A.5 EVALUATING AGENTS AT DIFFERENT PHASES OF EMERGENCE
In Figure A.4 we evaluate policies sampled during each phase of emergent strategy on the suite of targeted intelligence tasks, by which we can gain intuition as to whether the capabilities we measure improve with training, are transient and accentuated during specific phases, or generally uncorrelated to progressing through the autocurriculum. We find that the hide-and-seek agent improves on the navigation and memory tasks as it progresses; notably on Lock and Return, the performance monotonically increases with emergence phase, and the policy from the phase 6 performs 20% bet- ter than the policy from phase 1. However, performance on Object Counting is transient; during
phase 1 the hide-and-seek agent performs extremely well, much better than all baselines and other phases but loses this ability in later stages. Finally, we find that performance on the manipulation tasks is relatively uncorrelated to the phases of emergence, and surprisingly the policy transferred from phase 1, the phase before any tool use emerges, performs comparably well to other phases.

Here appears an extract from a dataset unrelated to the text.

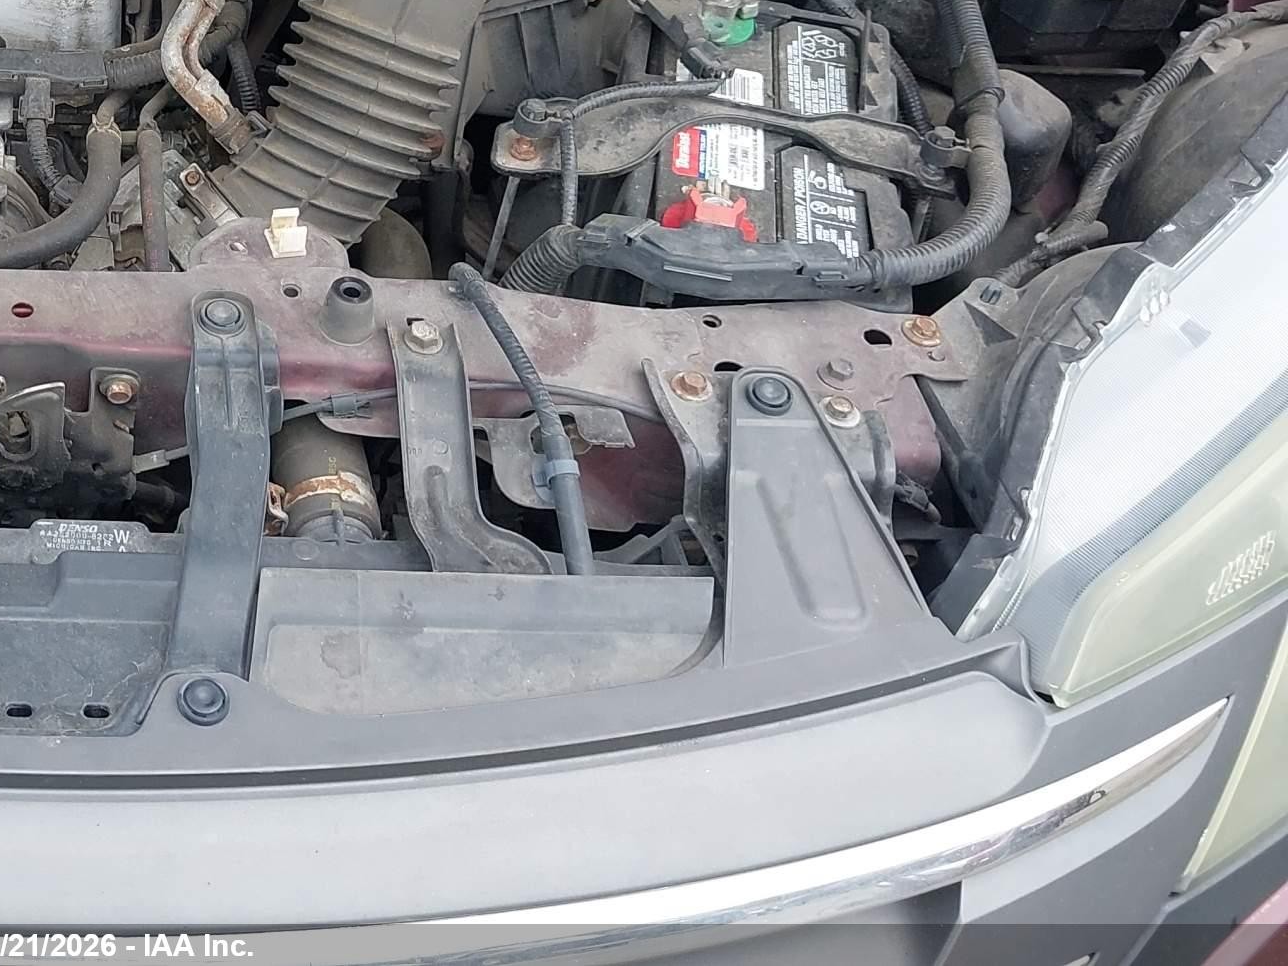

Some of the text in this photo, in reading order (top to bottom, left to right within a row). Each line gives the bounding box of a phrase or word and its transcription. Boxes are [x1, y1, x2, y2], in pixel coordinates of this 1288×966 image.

A.6 ALTERNATIVE GAMES TO HIDE-AND-SEEK WITH SECONDARY OBJECTIVES
A.6.1 HIDE-AND-SEEK WITH FOOD REWARD
In the main hide-and-seek environment, hiders build forts at locations that would give them the best chance of staying hidden from seekers. To test whether hiders could be incentivized by a secondary objective to adapt the location of forts, we add additional food rewards and test whether hiders would bias the location of their forts towards the location of the food. In this environment, hiders can eat food and receive food rewards only under the following conditions: after the preparation phase, when all hiders are hidden from seekers and when the food is sufficiently close and visible to them. Therefore, just chasing after food would not be an effective strategy for hiders, because hiders receive neither hide-and-seek nor food rewards if one or more hiders are seen by a seeker. Instead, hiders are incentivized to build forts around the location of food and then eat the food while being unobserved by seekers (figure A.5).
Food is distributed in the form of 5 food pellets that are spawned close to each other in a rectangular area in the center of the environment whose side length is 1/4 of the room size. Each food pellet can provide a positive food reward of +1 for each time step. Food rewards are shared between hiders, irrespective of which hider eats a food item. Hiders (as well as seekers) can observe the locations of food pellets as separate entities; if food pellets are obstructed or outside the field of view they are masked out like other type of objects.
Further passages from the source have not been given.